The documentary has an impossible mission, and one it invites by calling itself The AI Doc. How could one film ever encompass so many conflicting points of view while keeping up with a technology that is reshaping daily life in real time? If the goal were total coverage, you would need a new documentary every week, and it still would not be enough. One technologist even tells Roher that the film will be outdated the moment it premieres. That is true in a literal sense, but if filmmakers waited for the story to settle, we would never get a documentary on AI at all.

That is the film’s main goal and its main achievement: orienting viewers. Even if it is only the first chapter or the first page. It contextualizes what AI actually is for people who hear the buzzwords but do not know what they mean, and it does so in a dynamic, easy-to-follow way by centering the story on Roher’s own learning process. For those who have already read about the topic, or, like me, whose full-time work is deeply entangled with it, a few of Roher’s questions might feel too basic and the answers, frustratingly simple. Still, the execution, with fast-paced editing, inventive stop-motion, and a propulsive score, keeps it dynamic and consistently engaging.

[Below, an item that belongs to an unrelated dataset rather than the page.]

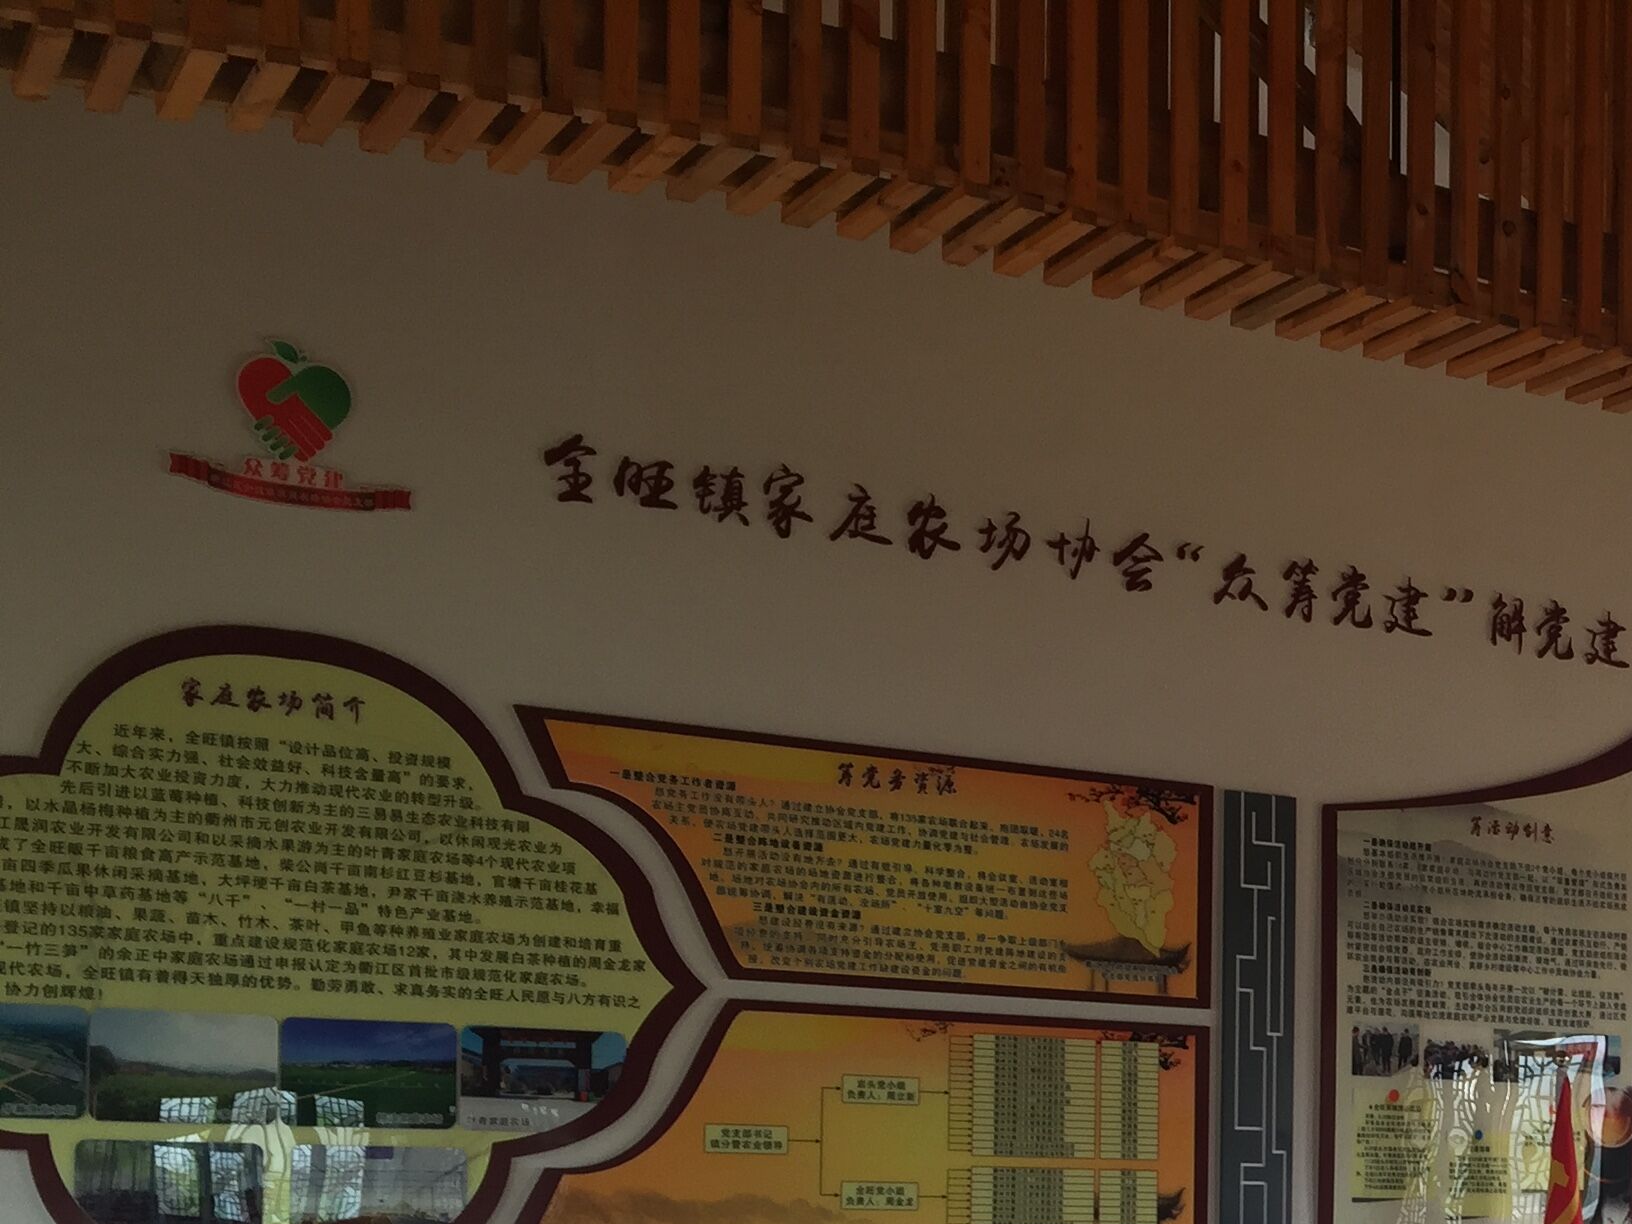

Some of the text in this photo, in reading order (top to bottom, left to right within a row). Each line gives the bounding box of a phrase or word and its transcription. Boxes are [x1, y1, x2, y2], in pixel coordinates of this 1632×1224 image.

[181, 677, 366, 727] 家庭农场简介

It covers a lot of ground, from AI-generated video and the environmental costs of compute and water use to political manipulation, including a recent example from a Czech electoral campaign. It also highlights how thin the safety infrastructure can be, noting that only a couple hundred people, at most, are focused on security. That point lands even harder when the film depicts an internal test in which a model blackmailed a C-level executive with personal information to avoid being shut down.

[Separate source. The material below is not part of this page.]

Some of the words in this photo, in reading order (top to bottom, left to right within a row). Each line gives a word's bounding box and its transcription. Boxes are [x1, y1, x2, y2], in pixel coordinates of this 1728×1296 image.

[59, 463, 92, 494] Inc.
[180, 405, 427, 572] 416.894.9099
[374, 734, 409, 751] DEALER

It gives you plenty to think about, yet it is still easy to leave wanting more. For Roher and Tyrell, in particular, there is no clear sense of what this all means for the filmmaking industry. The point is hinted at as one of Roher’s biggest fears, but it is not tackled directly. That is an especially interesting omission here, since Roher is shown constantly sketching in his notebook and Tyrell is responsible for the film’s labor-intensive stop-motion visuals. The film chooses a broader question instead: what it means to have a child in the middle of a world changing this fast.

As the title suggests, Roher tries to hold onto the bright side. A baby montage gestures at human resilience, at how we have survived other inflection points and adapted. The closest the film comes to a call to action is a simple idea: people have to hold those at the top accountable. Hopeful thinking? Maybe. Too blunt, even generic, for a theme this complex? Absolutely. But for a generation that keeps failing at that exact task, it might be the most practical message the film can land on without pretending it has answers it does not.

FINAL THOUGHTS

The AI Doc is ultimately optimistic about a controversial topic, and it will not please everyone. If you are already deep in the discourse, it may feel like a recap, and you might be frustrated by its avoidance of a clear side. If you are trying to catch up without drowning in jargon, it is a solid starting point. The final message can feel simplistic, but the film’s faith in people still lands. Humanity has experienced major shifts that have reshaped work and daily life. Why should this new AI craze be any different?